• [Excerpts from a dataset]
================

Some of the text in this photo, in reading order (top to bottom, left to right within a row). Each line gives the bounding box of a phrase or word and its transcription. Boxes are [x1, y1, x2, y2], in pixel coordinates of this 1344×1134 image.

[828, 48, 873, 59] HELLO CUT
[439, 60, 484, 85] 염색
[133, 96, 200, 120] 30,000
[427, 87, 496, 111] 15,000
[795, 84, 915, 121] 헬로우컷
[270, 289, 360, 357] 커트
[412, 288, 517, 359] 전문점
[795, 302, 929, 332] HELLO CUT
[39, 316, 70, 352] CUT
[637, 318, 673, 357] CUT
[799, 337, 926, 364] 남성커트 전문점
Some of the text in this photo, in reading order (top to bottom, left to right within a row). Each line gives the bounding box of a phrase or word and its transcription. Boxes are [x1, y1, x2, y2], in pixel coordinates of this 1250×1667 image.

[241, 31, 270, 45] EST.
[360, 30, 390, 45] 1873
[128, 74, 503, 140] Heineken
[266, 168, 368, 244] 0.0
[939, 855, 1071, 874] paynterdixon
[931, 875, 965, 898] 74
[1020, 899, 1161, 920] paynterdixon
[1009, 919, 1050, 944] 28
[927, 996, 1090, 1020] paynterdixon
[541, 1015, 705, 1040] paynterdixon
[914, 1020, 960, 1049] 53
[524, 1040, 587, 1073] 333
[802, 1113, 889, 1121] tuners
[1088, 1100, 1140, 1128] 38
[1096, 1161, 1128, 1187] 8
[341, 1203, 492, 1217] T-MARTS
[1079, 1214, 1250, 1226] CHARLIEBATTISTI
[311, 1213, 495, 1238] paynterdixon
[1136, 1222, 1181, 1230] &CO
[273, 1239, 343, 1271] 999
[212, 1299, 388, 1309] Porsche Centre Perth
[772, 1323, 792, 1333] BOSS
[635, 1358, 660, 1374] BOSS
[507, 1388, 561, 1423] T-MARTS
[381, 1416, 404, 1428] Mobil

================

• [WHAT YOU HAVE TO DO] Starting at the line that contains "this 1250×1667 image.", return every line through the last one above, exactly as written.

• [RESULT OF THE EXERCISE]
Some of the text in this photo, in reading order (top to bottom, left to right within a row). Each line gives the bounding box of a phrase or word and its transcription. Boxes are [x1, y1, x2, y2], in pixel coordinates of this 1250×1667 image.

[241, 31, 270, 45] EST.
[360, 30, 390, 45] 1873
[128, 74, 503, 140] Heineken
[266, 168, 368, 244] 0.0
[939, 855, 1071, 874] paynterdixon
[931, 875, 965, 898] 74
[1020, 899, 1161, 920] paynterdixon
[1009, 919, 1050, 944] 28
[927, 996, 1090, 1020] paynterdixon
[541, 1015, 705, 1040] paynterdixon
[914, 1020, 960, 1049] 53
[524, 1040, 587, 1073] 333
[802, 1113, 889, 1121] tuners
[1088, 1100, 1140, 1128] 38
[1096, 1161, 1128, 1187] 8
[341, 1203, 492, 1217] T-MARTS
[1079, 1214, 1250, 1226] CHARLIEBATTISTI
[311, 1213, 495, 1238] paynterdixon
[1136, 1222, 1181, 1230] &CO
[273, 1239, 343, 1271] 999
[212, 1299, 388, 1309] Porsche Centre Perth
[772, 1323, 792, 1333] BOSS
[635, 1358, 660, 1374] BOSS
[507, 1388, 561, 1423] T-MARTS
[381, 1416, 404, 1428] Mobil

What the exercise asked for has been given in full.